When we were in Las Vegas last month, I mentioned to my friend Jeremy that I often feel like a time traveler from the year 1997. I like all of the technology we’ve got currently (my iPhone could make fools of all of the computers I had in the 90s put together), but culturally, I feel like my relevant period was from about 1996-1999. Once the millenium hit, I was instantly transformed into an old man chasing children off his lawn with a rake.

That’s not exactly accurate, of course. I’m 34, so I’m still relatively young, and in relatively good health. I still enjoy the occasional new music release, or get hooked on the same TV shows as everyone else (yeah, I watch Walking Dead, too). Culturally speaking, I do an OK job of maintaining some sort of relevance.

Sure, some of my out-of-placeness — the Germans might call it an unheimlich sort of feeling — stems from the fact that we’re probably all more comfortable, culturally, when we’re 18-21 years old. It’s part of the way America likes to work; young is great, but for every year you age above, say, 25, you start fading out like Marty McFly when it looked like his parents wouldn’t get together.

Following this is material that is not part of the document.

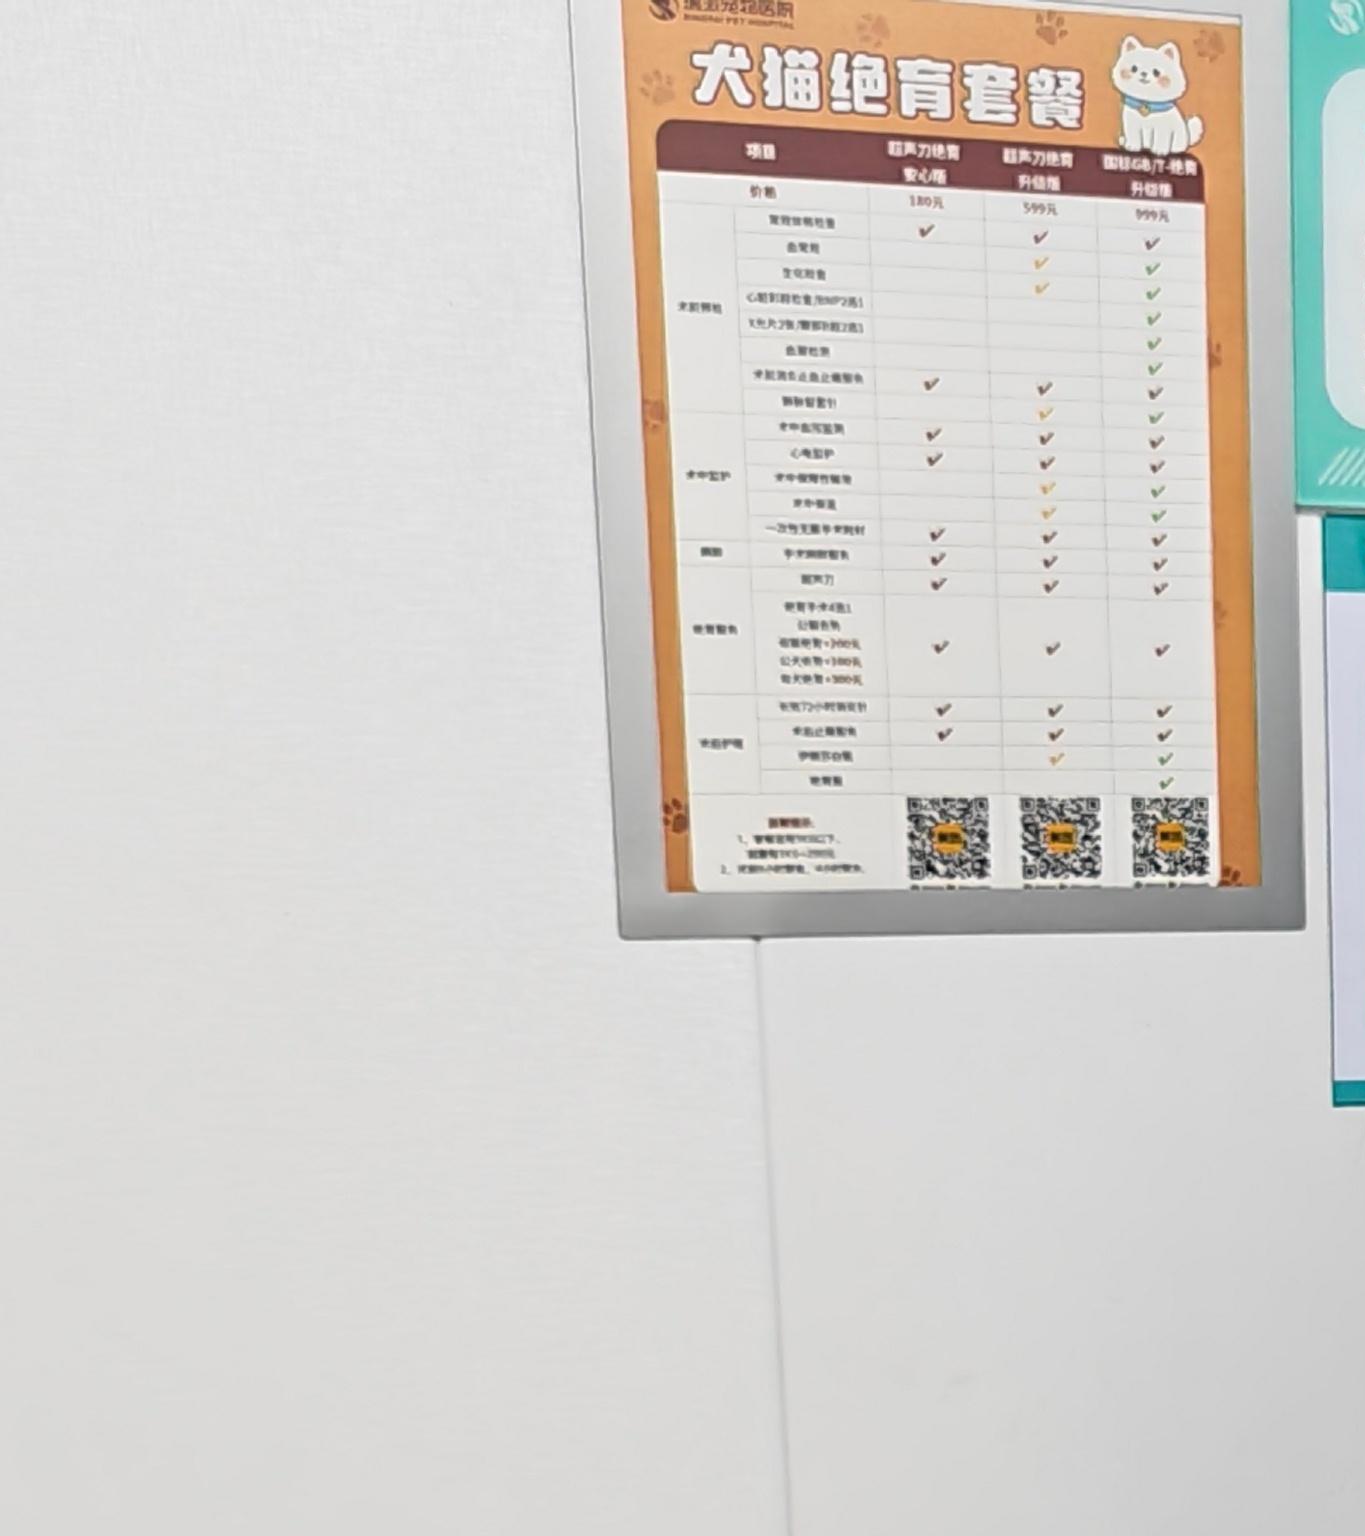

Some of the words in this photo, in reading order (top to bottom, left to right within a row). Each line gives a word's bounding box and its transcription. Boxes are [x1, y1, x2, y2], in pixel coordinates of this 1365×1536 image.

[691, 41, 1084, 130] 犬猫绝育套餐

Aging will make you feel like the world is getting stranger, less like the world you remember from your youth. But that’s only part of it.

Looking back on the late 90s from 15 years later, even I have to admit that it was a weird, disturbing time. We weren’t technically at war with anyone. The economy was in great shape. Google had an exclamation point. It was madness.

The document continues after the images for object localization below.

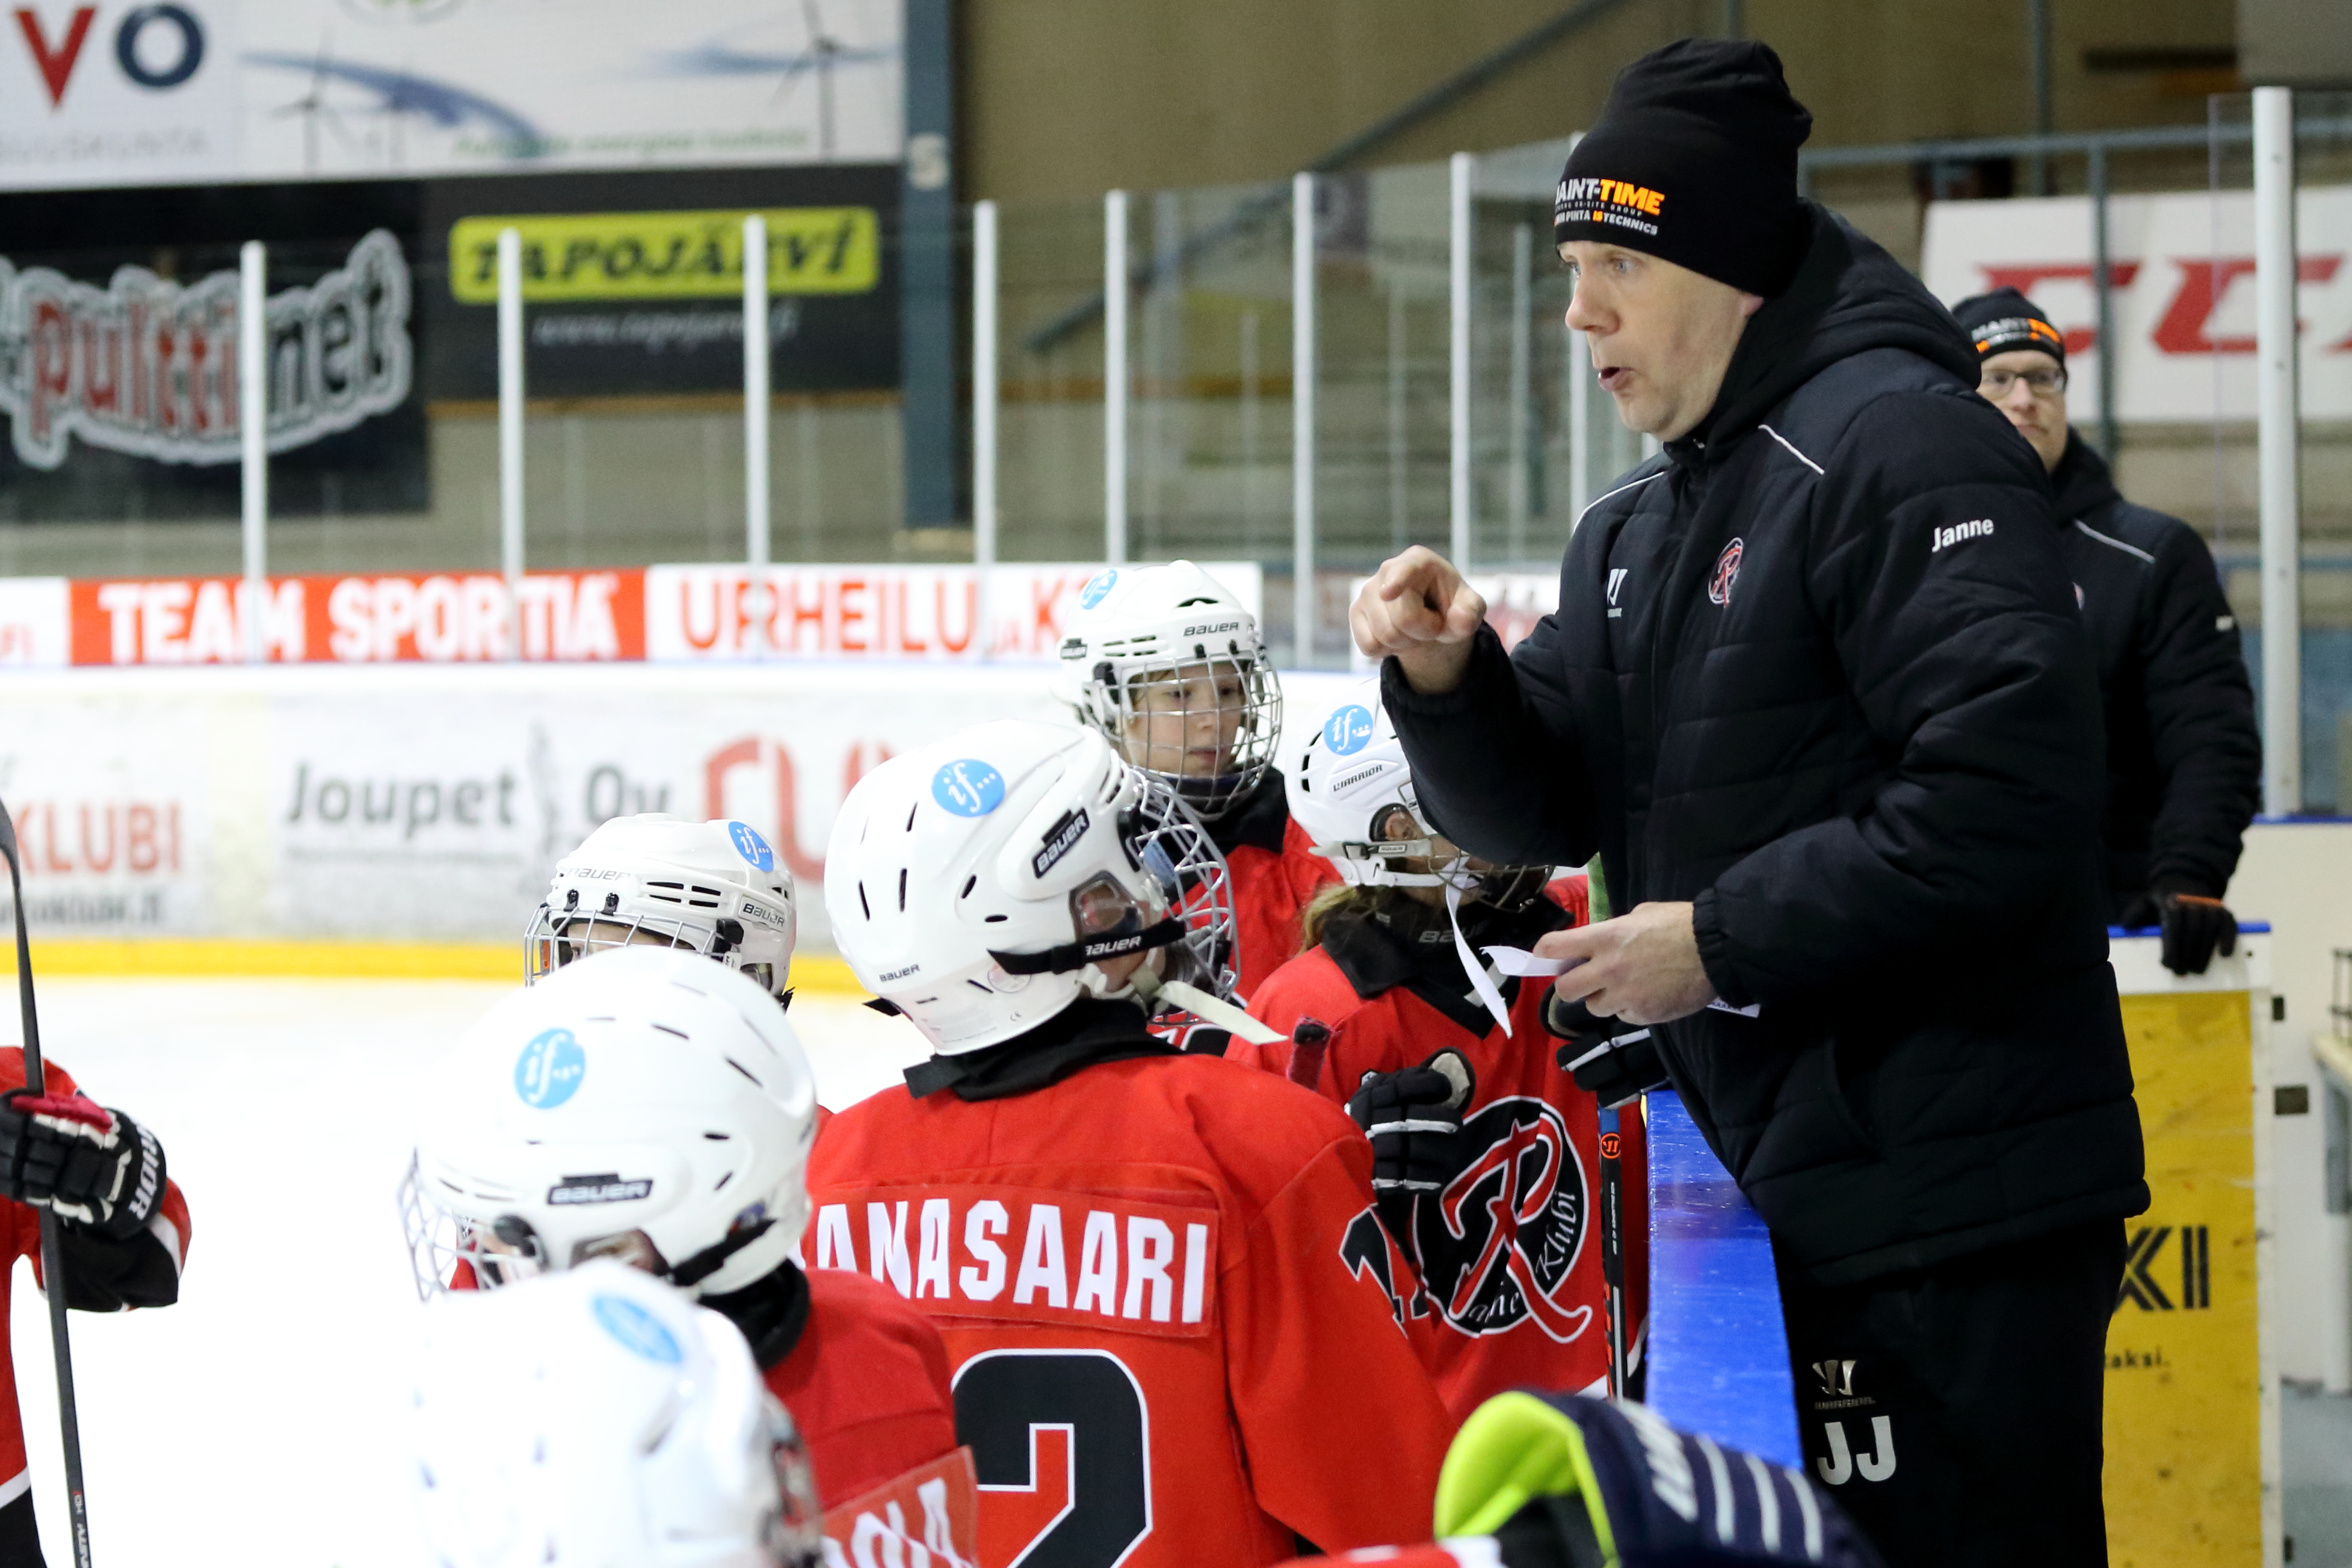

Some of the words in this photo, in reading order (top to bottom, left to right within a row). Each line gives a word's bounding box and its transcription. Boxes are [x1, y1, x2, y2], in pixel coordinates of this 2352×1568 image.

[1931, 518, 1995, 553] Janne
[99, 579, 305, 662] TEAM
[329, 573, 620, 661] SPORTIA
[679, 579, 978, 653] URHEILU
[1182, 622, 1239, 637] BAUER
[285, 759, 517, 840] Joupet
[1332, 764, 1383, 792] WARRIOR
[1036, 813, 1088, 873] BAUER
[742, 903, 785, 928] BAUER
[878, 963, 921, 983] BAUER
[1816, 1415, 1897, 1486] JJ

But at least when I look at the late 90s, I understand them. I get a definite feeling of the social and cultural movements of the time. If I look at now… I can’t really think of anything that describes the 2010s. There are a lot of social movements that almost happen. There are a lot of cultural trends that almost catch, but they’re gone in a flash. And maybe that’s the cultural movement — faster.

So, OK. Maybe I do like your future-place after all.

So, if you had to define the cultural and social identity of today, what would you choose?

Please don’t say Beiber. It might be true, but come on — I just started liking this year.